INFORMATION SHOWN -

__________________________________________________

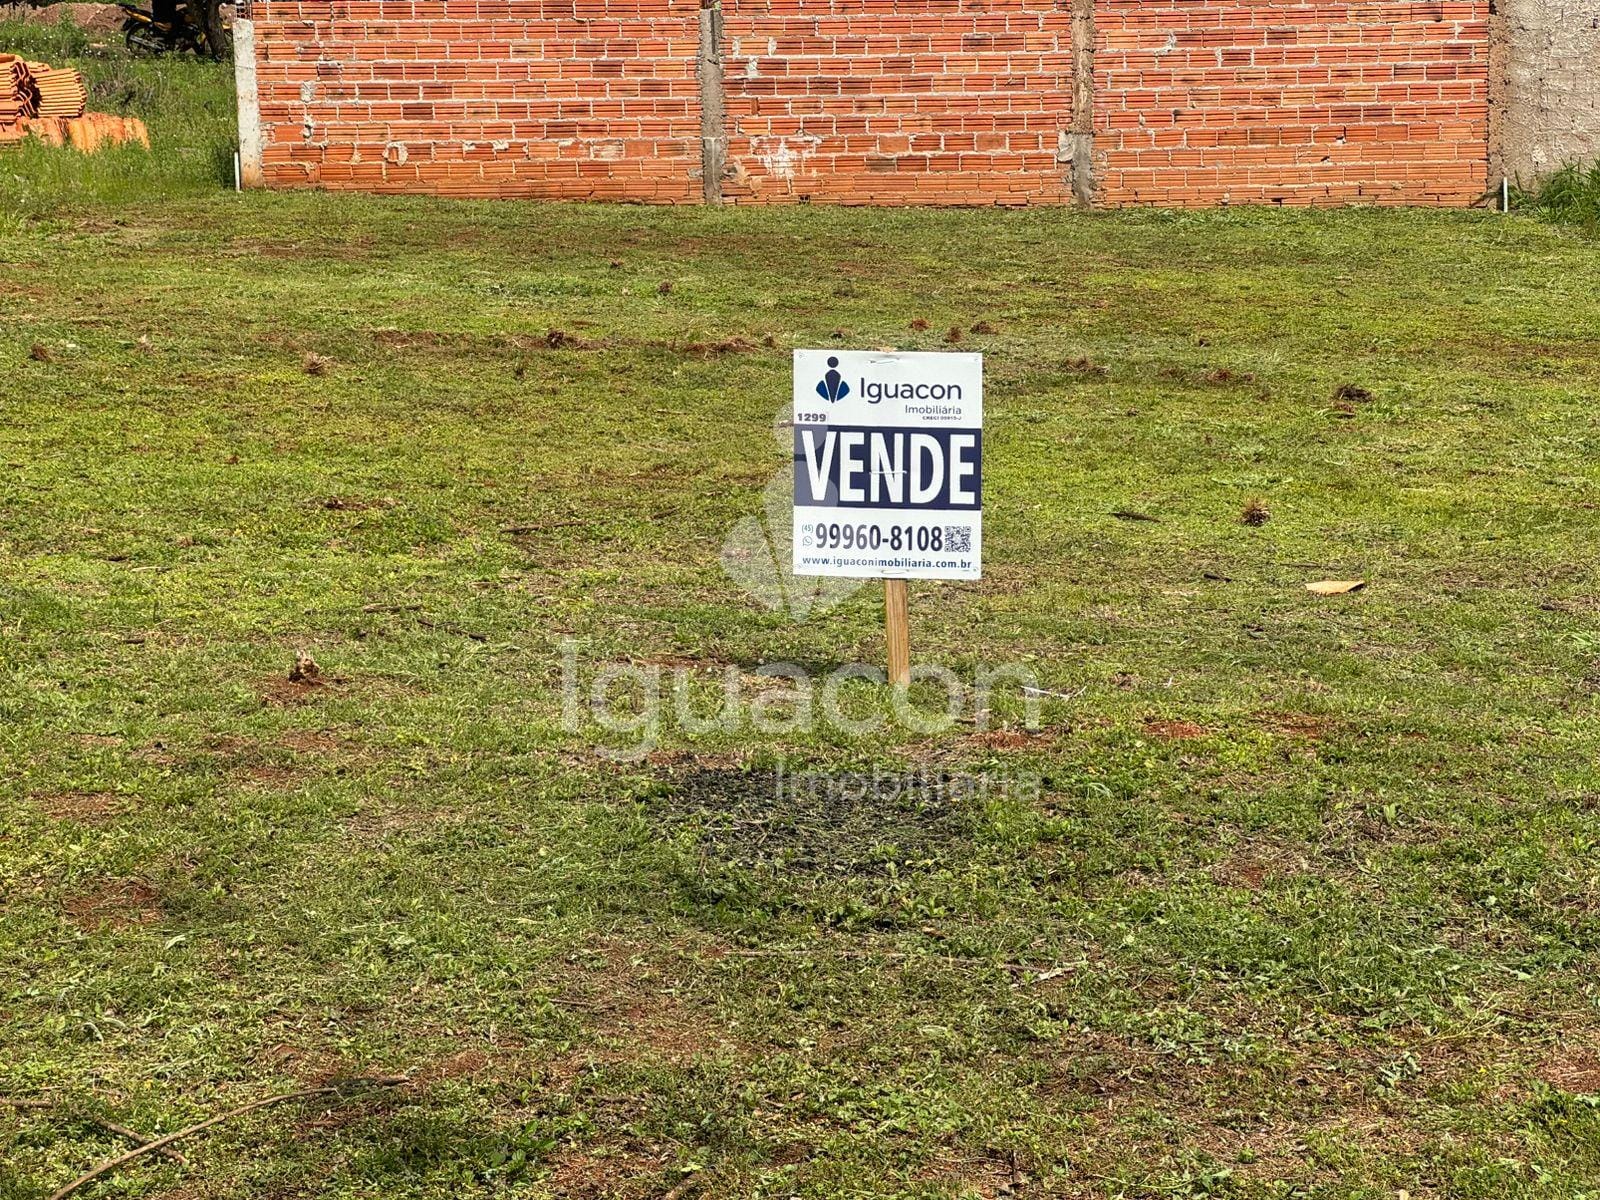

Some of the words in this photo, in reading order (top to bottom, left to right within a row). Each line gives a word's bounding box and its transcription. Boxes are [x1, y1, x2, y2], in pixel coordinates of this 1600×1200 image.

[860, 377, 962, 404] Iguacon
[905, 404, 962, 415] Imobiliária
[797, 413, 827, 422] 1299
[801, 430, 976, 505] VENDE
[801, 524, 814, 534] (45)
[816, 523, 943, 552] 99960-8108
[802, 556, 972, 569] www.iguaconimobiliaria.com.br

__________________________________________________

The whole listing must come back verbatim, with no pictures included.

Some of the words in this photo, in reading order (top to bottom, left to right within a row). Each line gives a word's bounding box and its transcription. Boxes are [x1, y1, x2, y2], in pixel coordinates of this 1600×1200 image.

[860, 377, 962, 404] Iguacon
[905, 404, 962, 415] Imobiliária
[797, 413, 827, 422] 1299
[801, 430, 976, 505] VENDE
[801, 524, 814, 534] (45)
[816, 523, 943, 552] 99960-8108
[802, 556, 972, 569] www.iguaconimobiliaria.com.br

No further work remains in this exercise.